為替取引の中身は、実需取引投機取引のどちらかになります。


実需取引とは貿易会社などが決済目的で外貨調達するような場合で、為替差益を狙い売買を繰り返すものが投機取引です。


もっと簡単にいうと、外国の株を買うのにドルが必要、石油を輸入した代金を払うのにドルが必要など、実際に経済取引に使うために調達するのが実需


私たちのようにFX会社などを利用して為替取引で儲けようとしているのが、投機です。


そして、実需取引と投機取引の割合を見ると、投機取引が全体の9割を占めると言われています。


実需は輸出入決済を必要とする貿易取引会社。外国債券、外国株投資をする機関投資家、その代表的な保険会社などにより発生します。


いっぽう、投機は意外と思われるかもしれませんが、銀行。そしてすぐ思いつくヘッジファンド、私たち個人投資家などにより発生します。


投機取引は、比較的短い期間で反対取引がおこなわれます。これは、為替差益を確定する必要を考えるとすぐのわかります。


使い道が決まっている実需は、基本的には反対取引はありません。

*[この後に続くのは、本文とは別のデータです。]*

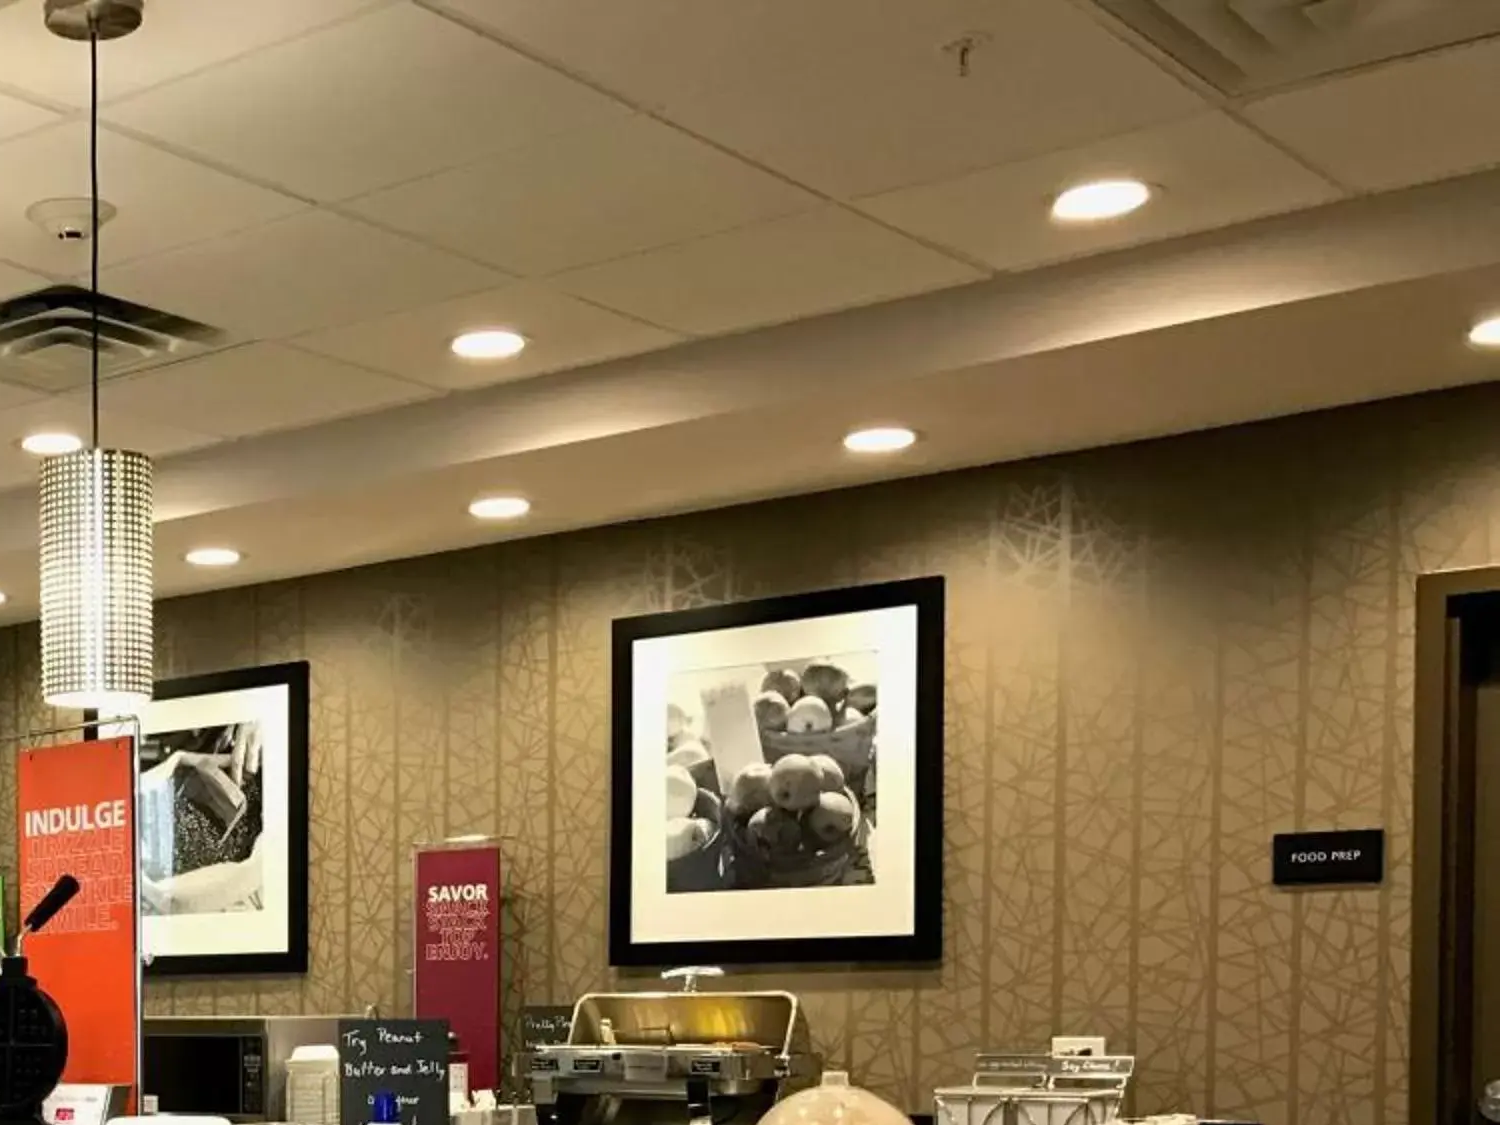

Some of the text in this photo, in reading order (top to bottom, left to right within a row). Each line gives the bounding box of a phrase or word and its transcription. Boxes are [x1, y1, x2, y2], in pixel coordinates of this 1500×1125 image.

[24, 799, 126, 838] INDULGE
[30, 829, 125, 858] DRIZZLE
[1290, 849, 1362, 863] FOOD PREP
[26, 852, 125, 884] SPREAD
[427, 883, 489, 902] SAVOR
[33, 904, 119, 933] MILE.
[425, 942, 489, 961] ENJOY.
[342, 1026, 424, 1056] Try Peanut
[344, 1059, 446, 1081] Butter and Jelly

あっても数ヶ月先などなになります。


実需が発生すると反対取引がないので、為替相場の方向性をつくりやすくなり、それに反応して投機資金がその方向に流れ込む。


また、逆に投機取引は、反対取引が発生するため短期に相場が動きやすく、実需の売買時期に影響してきます。このように実需と投機は互いに為替相場に影響しあっています


外国株などに投資する機関投資家は、決算時期などに関係して為替取引をすることがあるので、会社の決算月近くになると動向が注目されます。


為替取引をはじめたころは、為替取引の参加者がだれなのか?どう相場に影響するのか?知らずに取引していました。


参加者の動向によって相場は動きます。参加者を知り特徴的な動きを把握することで、相場の季節感を知ることもできます。この機会に参加者の特徴を研究してみて下さい。きっと役立ちます。